Published in Proceedings of the ACM on Interactive, Mobile, Wearable and Ubiquitous Technologies (IMWUT), 2023

Recommended citation: Meng Chen, Li Lu*, Junhao Wang, Jiadi Yu, Yingying Chen, Zhibo Wang, Zhongjie Ba, Feng Lin, Kui Ren. "VoiceCloak: Adversarial Example Enabled Voice De-Identification with Balanced Privacy and Utility." Proceedings of the ACM on Interactive, Mobile, Wearable and Ubiquitous Technologies (IMWUT). 7(2), pp. 48:1-48:21. Cancun, Mexico. 2023. doi: 10.1145/3596266.

Proceedings of ACM on Interactive, Mobile, Wearable and Ubiquitous Technologies is the premier international journal in ubiquitous computing, which was previously the top ranked international conference ACM UbiComp. ACM UbiComp is a CCF-A conference.

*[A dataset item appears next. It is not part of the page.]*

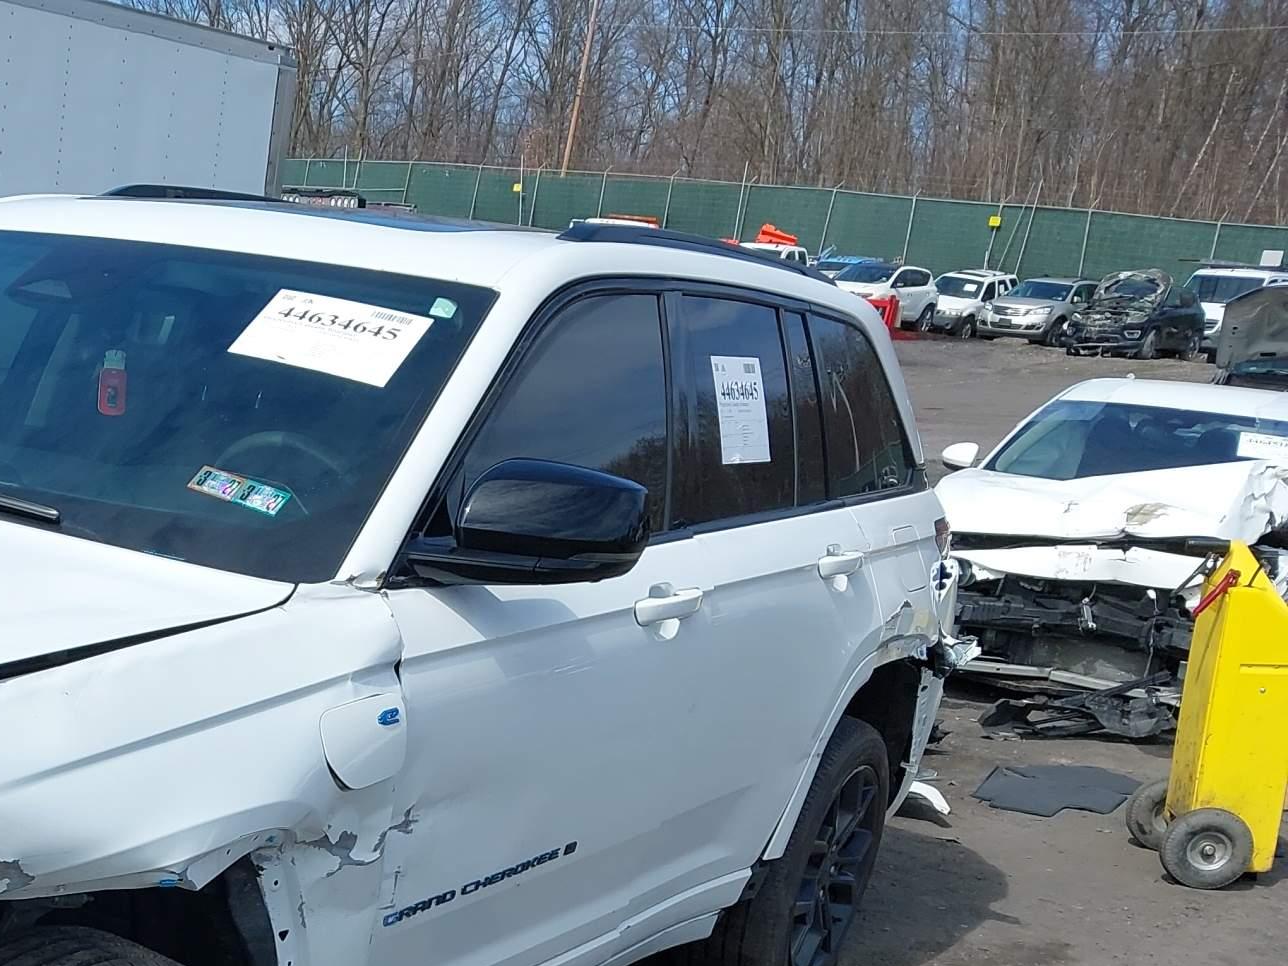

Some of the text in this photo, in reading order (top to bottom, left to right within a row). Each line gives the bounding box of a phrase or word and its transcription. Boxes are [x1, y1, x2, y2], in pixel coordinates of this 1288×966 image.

[278, 307, 401, 340] 44634645
[720, 382, 759, 401] 44634645
[383, 848, 561, 927] GRAND CHEROKEE

Abstract: Faced with the threat of identity leakage during voice data publishing, users are engaged in a privacy-utility dilemma when enjoying the utility of voice services. Existing machine-centric studies employ direct modification or text-based re-synthesis to de-identify users’ voices but cause inconsistent audibility for human participants in emerging online communication scenarios, such as virtual meetings. In this paper, we propose a human-centric voice de-identification system, VoiceCloak, which uses adversarial examples to balance the privacy and utility of voice services. Instead of typical additive examples inducing perceivable distortions, we design a novel convolutional adversarial example that modulates perturbations into real-world room impulse responses. Benefiting from this, VoiceCloak could preserve user identity from exposure by Automatic Speaker Identification (ASI), while remaining the voice perceptual quality for non-intrusive de-identification. Moreover, VoiceCloak learns a compact speaker distribution through a conditional variational auto-encoder to synthesize diverse targets on demand. Guided by these pseudo targets, VoiceCloak constructs adversarial examples in an input-specific manner, enabling any-to-any identity transformation for robust de-identification.